The clinical significance of our study findings is illustrated by comparing the Cockcroft and Gault-estimated creatinine clearance using LBW obtained from each of the reported and derived formulae with the clearance measurement calculated using FFM from DEXA body composition scanning (). As is readily apparent, the range of calculated creatinine clearance using the various formulae is alarmingly broad. Finding and using the right lean weight estimation formula for the morbidly obese population is essential for safe health care delivery.

Table 5 Estimated creatinine clearance using the method of Cockcroft and Gault and LBW derived from DEXA and six alternative body size descriptor equations for a population of extremely obese females (n = 70)
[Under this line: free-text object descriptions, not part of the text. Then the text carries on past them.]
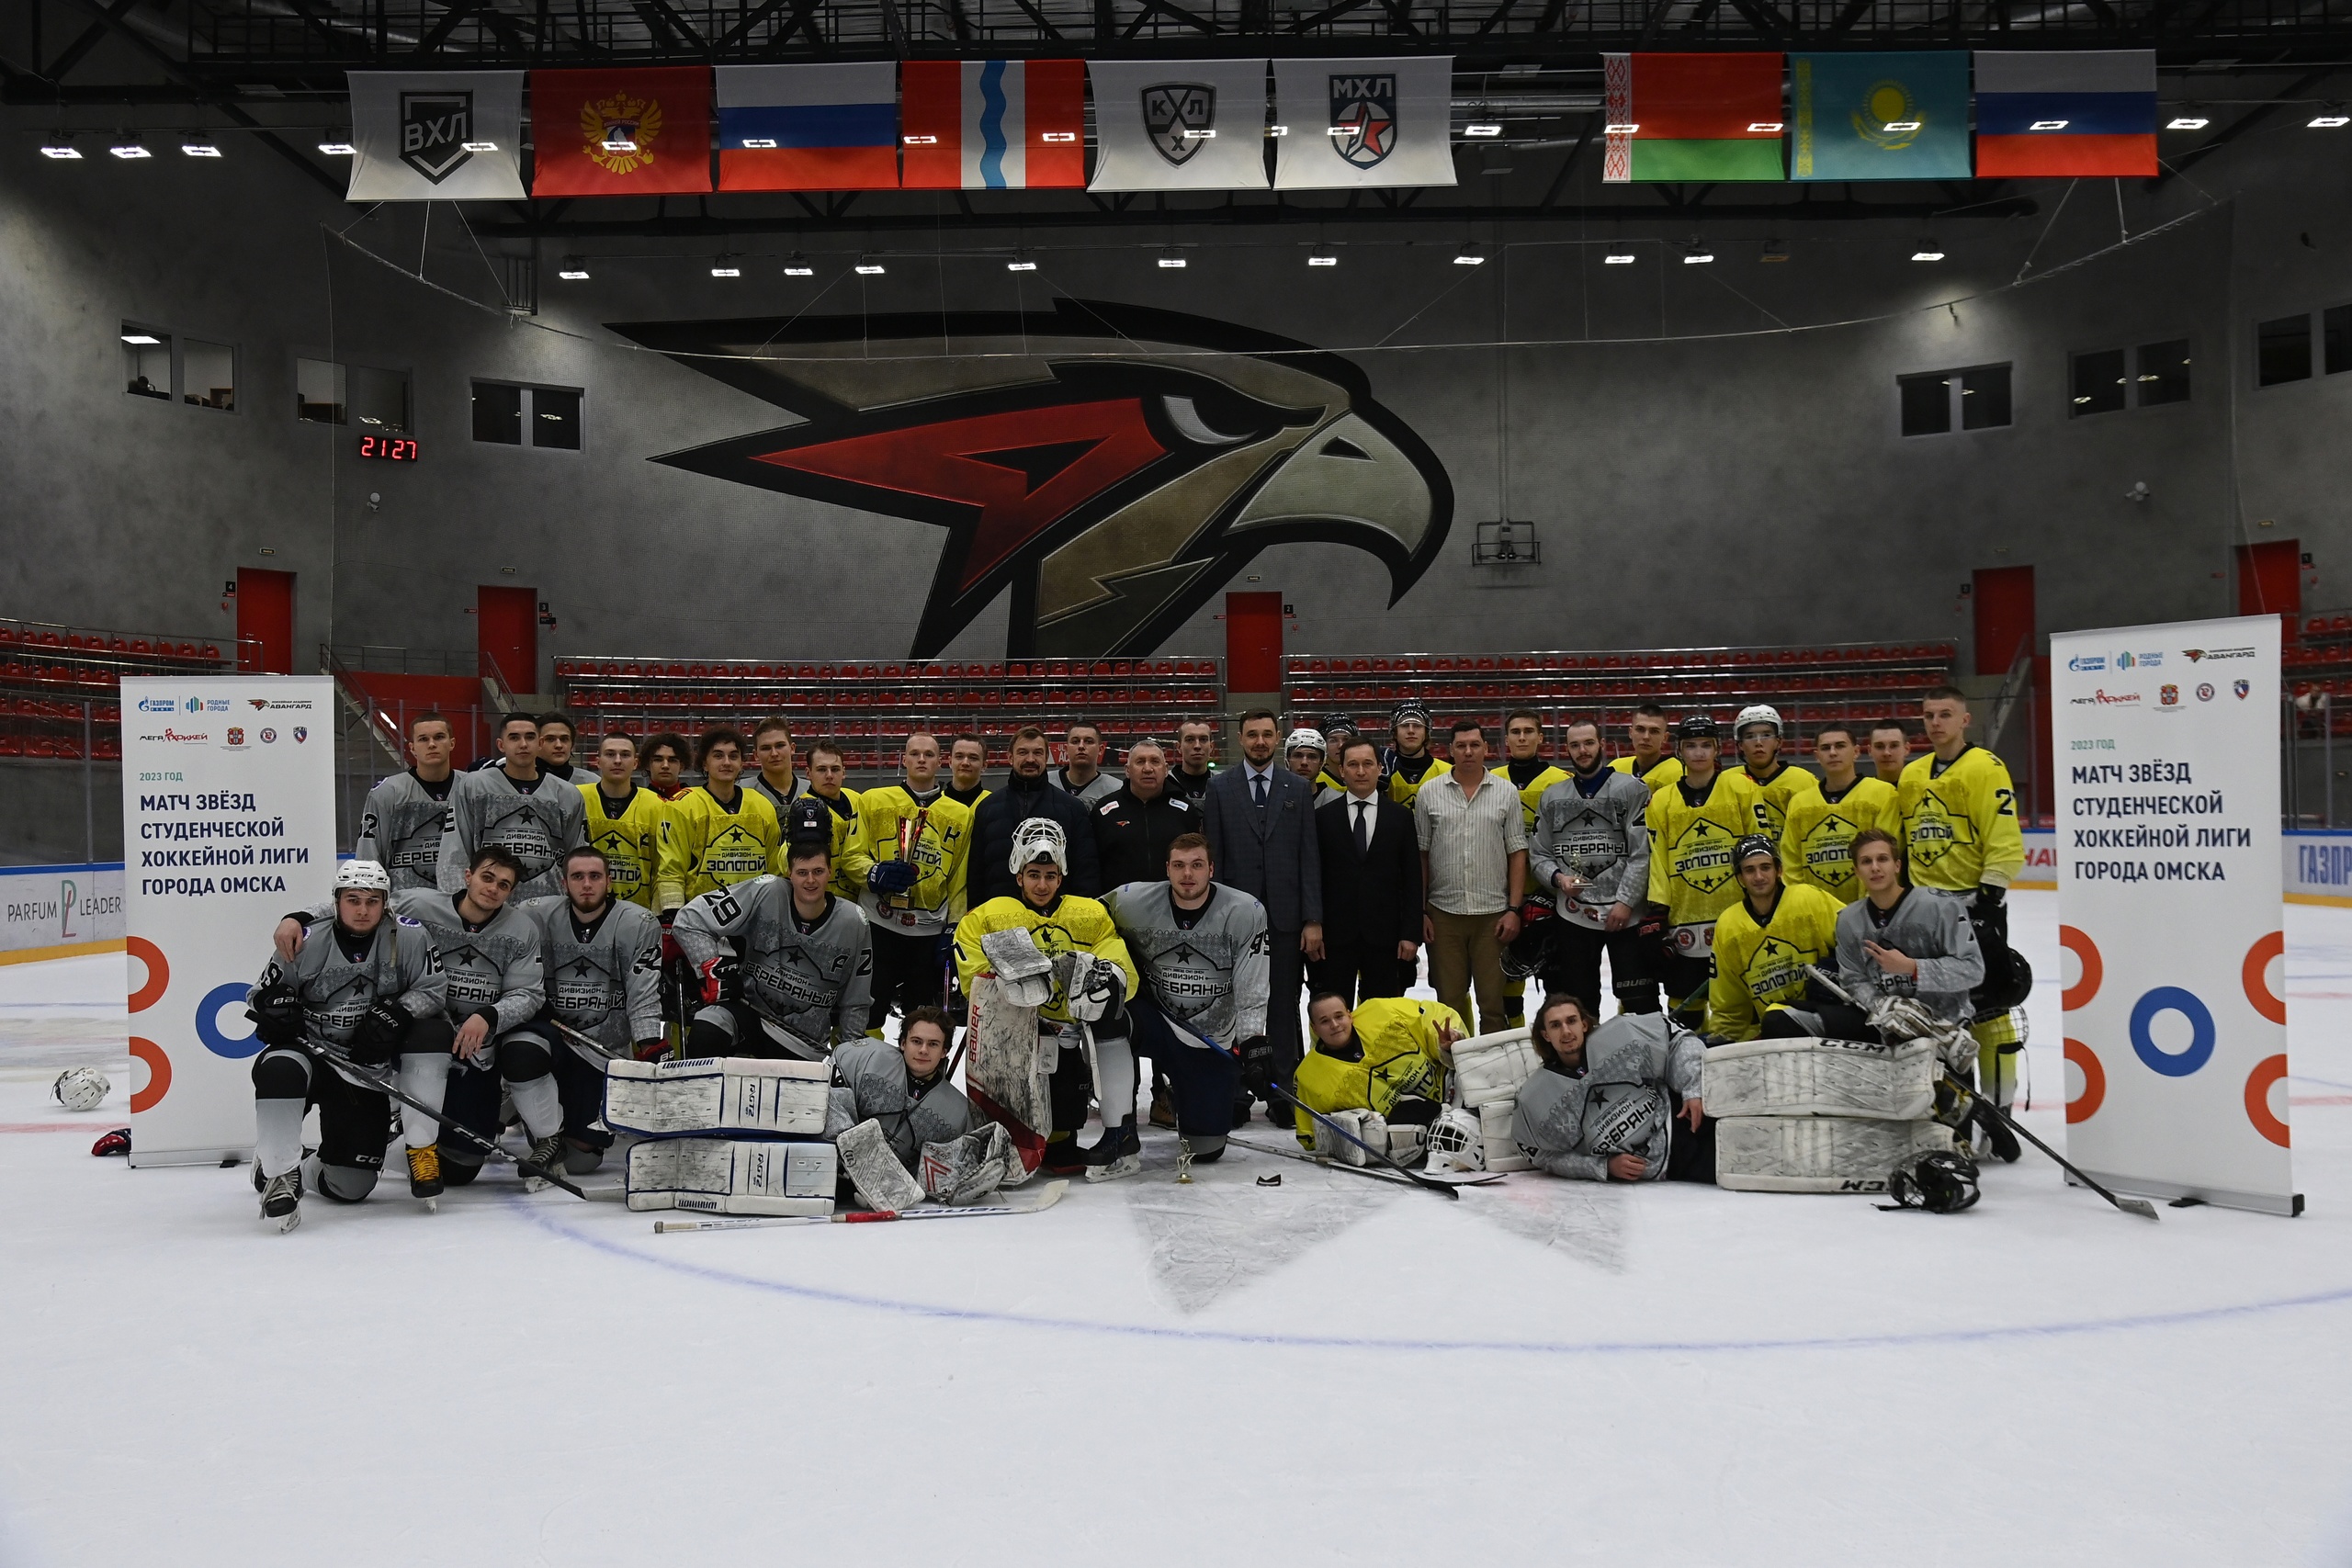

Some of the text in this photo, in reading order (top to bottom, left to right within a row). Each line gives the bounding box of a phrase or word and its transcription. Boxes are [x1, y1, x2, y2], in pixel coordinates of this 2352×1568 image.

[1332, 77, 1393, 99] МХЛ
[404, 111, 467, 152] ВХЛ
[2071, 739, 2116, 750] 2023 ГОД
[139, 772, 183, 782] 2023 ГОД
[2072, 759, 2192, 784] МАТЧ ЗВЁЗД
[141, 790, 256, 812] МАТЧ ЗВЁЗД
[2073, 790, 2223, 818] СТУДЕНЧЕСКОЙ
[141, 817, 284, 841] СТУДЕНЧЕСКОЙ
[506, 833, 546, 842] ДИВИЗИОН
[2074, 824, 2251, 848] ХОККЕЙНОЙ ЛИГИ
[141, 845, 309, 867] ХОККЕЙНОЙ ЛИГИ
[1554, 842, 1625, 856] ЕРЕБРЯНЫ
[707, 856, 766, 872] ЗОЛОТОЙ
[1675, 852, 1730, 873] ЗОЛОТО
[2075, 861, 2226, 883] ГОРОДА ОМСКА
[142, 875, 287, 897] ГОРОДА ОМСКА
[7, 901, 57, 922] PARFUM
[80, 896, 122, 916] LEADER
[702, 886, 742, 927] 29
[447, 974, 486, 986] ИВИЗИОН
[1162, 972, 1204, 981] ДИВИЗИОН
[968, 1003, 980, 1064] BAUER
[1819, 1039, 1886, 1054] CCM
[662, 1057, 715, 1069] WARRIOR
We derived a formula that improved the performance of FFM prediction and best approximated the estimated creatinine clearance calculation, at least among our own population of female patients with morbid obesity. This prediction formula should be tested and validated in other populations prior to clinical application.

We acknowledge that not all formulae used in our analysis were originally developed to measure the same body compartment, especially formulae such as ABW with various CF. Although this can explain the bias, it cannot account for the poor precision and accuracy in predicting FFW[DEXA]. Our intention was to evaluate previously reported formulae developed to estimate alternative body weight descriptors for their potential to predict FFW in a population of morbidly obese females. The goal was not to assess the performance of these equations for their original intent. Also, our study population consists exclusively of Caucasian females, and the findings of this analysis should not be extrapolated to other patient populations without further analysis.

Conclusion

In summary, our study describes the performance of several formulae for the estimation of FFW measured by DEXA body composition scanning in a cohort of morbidly obese females. The FFM[Garrow] equation provides the best estimation of the measured FFM. The findings have important potential clinical implications as they relate to effective and safe medication dosing and optimal nutritional care, both for the hospitalized patient and for the morbidly obese patient managed in the outpatient setting.

Acknowledgments

We thank Ms Jamie Seiler PA-C for assistance with data extraction, and Ms Jennifer Fernandez and Dr Eric Newman MD for assistance with technical details related to DEXA body composition testing.

Disclosure

The authors report no conflicts of interest in this work.